Противник преследовал нас на протяжении последних ста семидесяти девяти часов по корабельному времени. Во время атаки вражеский корабль двигался со скоростью чуть большей, чем половина скорости света относительно Алефа Возничего, и находился на расстоянии всего около тридцати астрономических единиц от «Надежды Земли». Относительно нас противник двигался со скоростью равной 0,47 световой, так что меньше чем через девять часов мы непременно совпали бы в пространстве-времени… — (Столкнулись бы — поняли все.) — Обе торпеды были запущены в семь часов девятнадцать минут по бортовому времени и уничтожили противника в пятнадцать-сорок. Обе тахионные боеголовки сдетонировали на расстоянии не больше тысячи километров от целей.
Насколько эффективными оказались запущенные с «Надежды» ракеты, можно было судить хотя бы по тому, что они приводились в движение при помощи замедленной тахионной реакции. Иными словами, их двигатели представляли те же тахионные бомбы, контролируемые специальным замедляющим устройством. Ускоряясь с постоянной перегрузкой в сто «жэ», они разгонялись до релятивистских скоростей и детонировали, когда вблизи оказывалась какая-либо масса — в данном случае, это была масса корабля тауранцев.
— …Мы не ожидаем повторения атаки со стороны других кораблей противника, — продолжал тем временем капитан. — Через пять часов наша скорость относительно объекта Алеф будет равна нулю, после чего мы развернемся в обратную сторону. Возвращение займет семьдесят два дня…
В ответ послышались разочарованные стоны и приглушенные проклятия. Разумеется, мы не услышали ничего нового, но никому не хотелось лишний раз вспоминать о неприятном.

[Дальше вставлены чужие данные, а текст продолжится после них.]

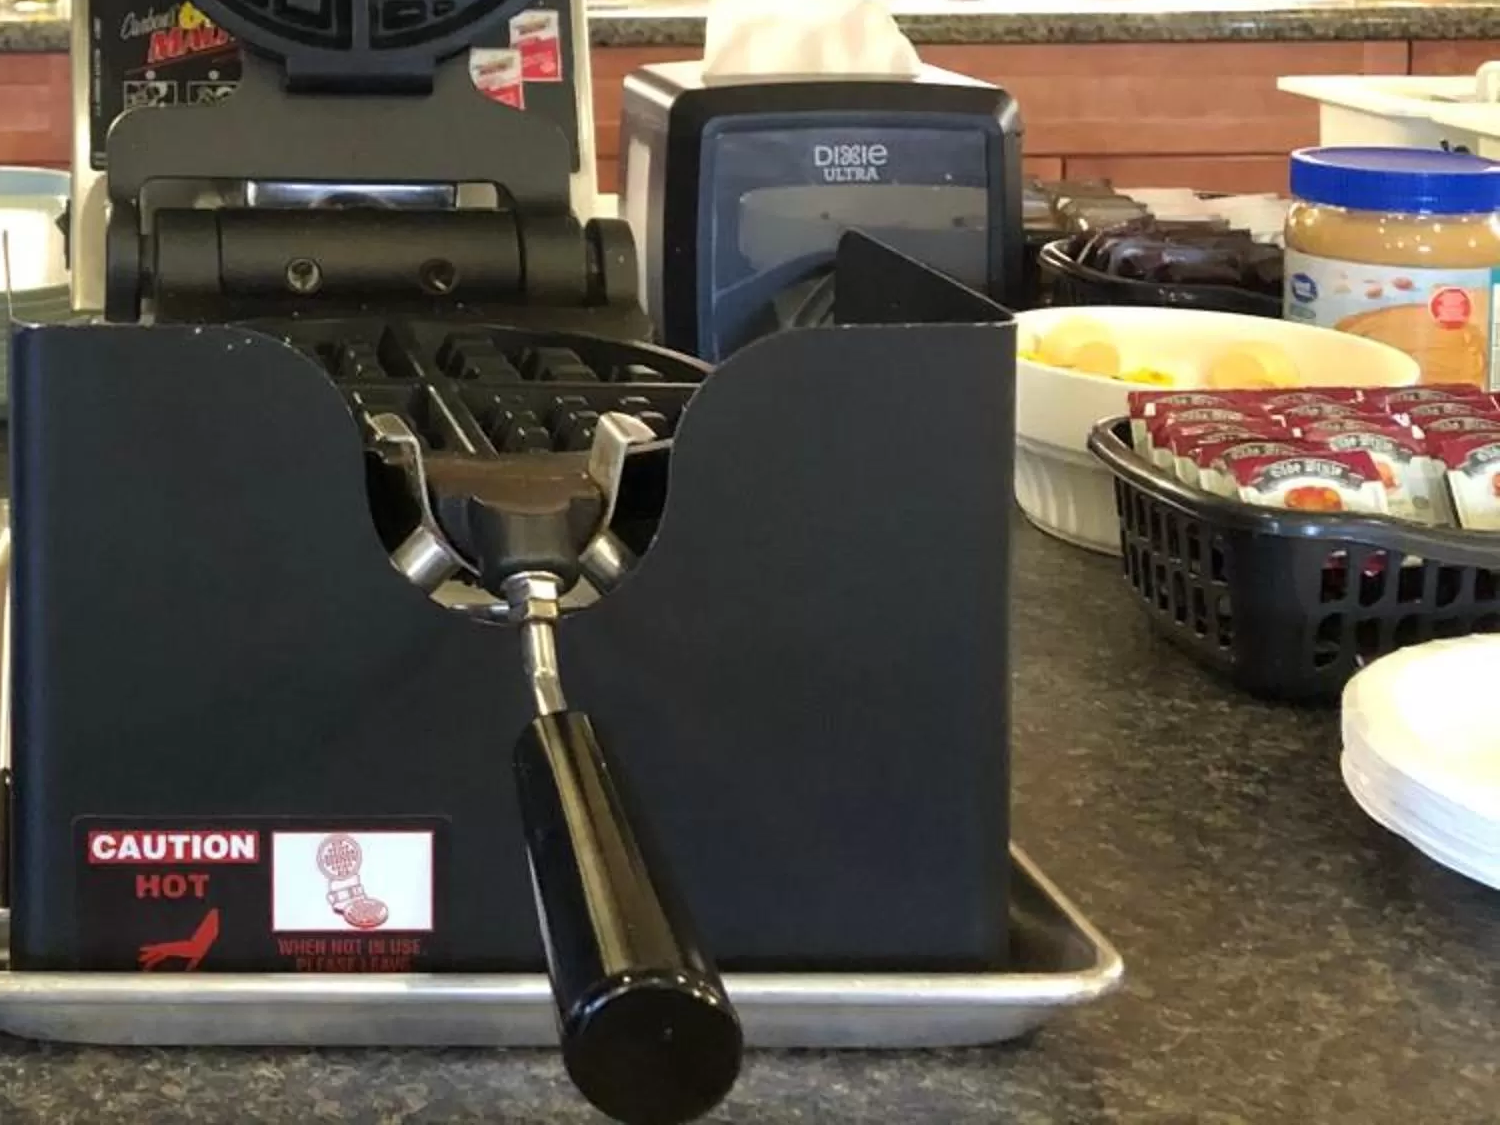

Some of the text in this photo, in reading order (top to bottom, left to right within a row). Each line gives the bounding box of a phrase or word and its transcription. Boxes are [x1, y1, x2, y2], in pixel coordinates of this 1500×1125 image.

Прошел еще месяц, прежде чем мы воочию увидели планету, которую нам предстояло атаковать. Странно было ощущать себя пришельцем из космоса, но факт оставался фактом: чтобы защитить Землю, нам предстояло выступить именно в этой роли, так как, по большому счету, на этой планете мы были такими же чужаками, как и тауранцы.
Планета представляла собой ослепительно-белый полумесяц, плывший в космосе на расстоянии двух астрономических единиц от Ипсилона. Когда до нее оставалось около пятидесяти астрономических единиц, капитан вычислил примерное местоположение вражеской базы, и «Надежда» легла на новый курс, держась так, чтобы от тауранцев нас заслоняла вся масса планеты. Это, однако, не означало, что мы приближались незаметно. Противник предпринял три атаки, которые нам удалось отбить — и все же под прикрытием планеты мы чувствовали себя в большей безопасности. Впрочем, к нашей роте это относилось лишь до той поры, покуда мы оставались на борту. После высадки на поверхность планеты в безопасности мог себя чувствовать только экипаж «Надежды» — отнюдь не мы.
Планета вращалась относительно медленно — продолжительность местных суток составляла десять с половиной земных, — и поэтому точка зависания «Надежды» находилась от базы в ста пятидесяти тысячах километров по прямой. Имея между собой и противником шестьдесят тысяч километров горных пород и девяносто тысяч километров космического пространства, флотские могли чувствовать себя достаточно уверенно, но для нас это означало почти секундную задержку связи между нами и бортовым тактическим компьютером. За время, пока нейтринный луч полз сначала туда, а затем обратно, человек на поверхности мог погибнуть раз десять.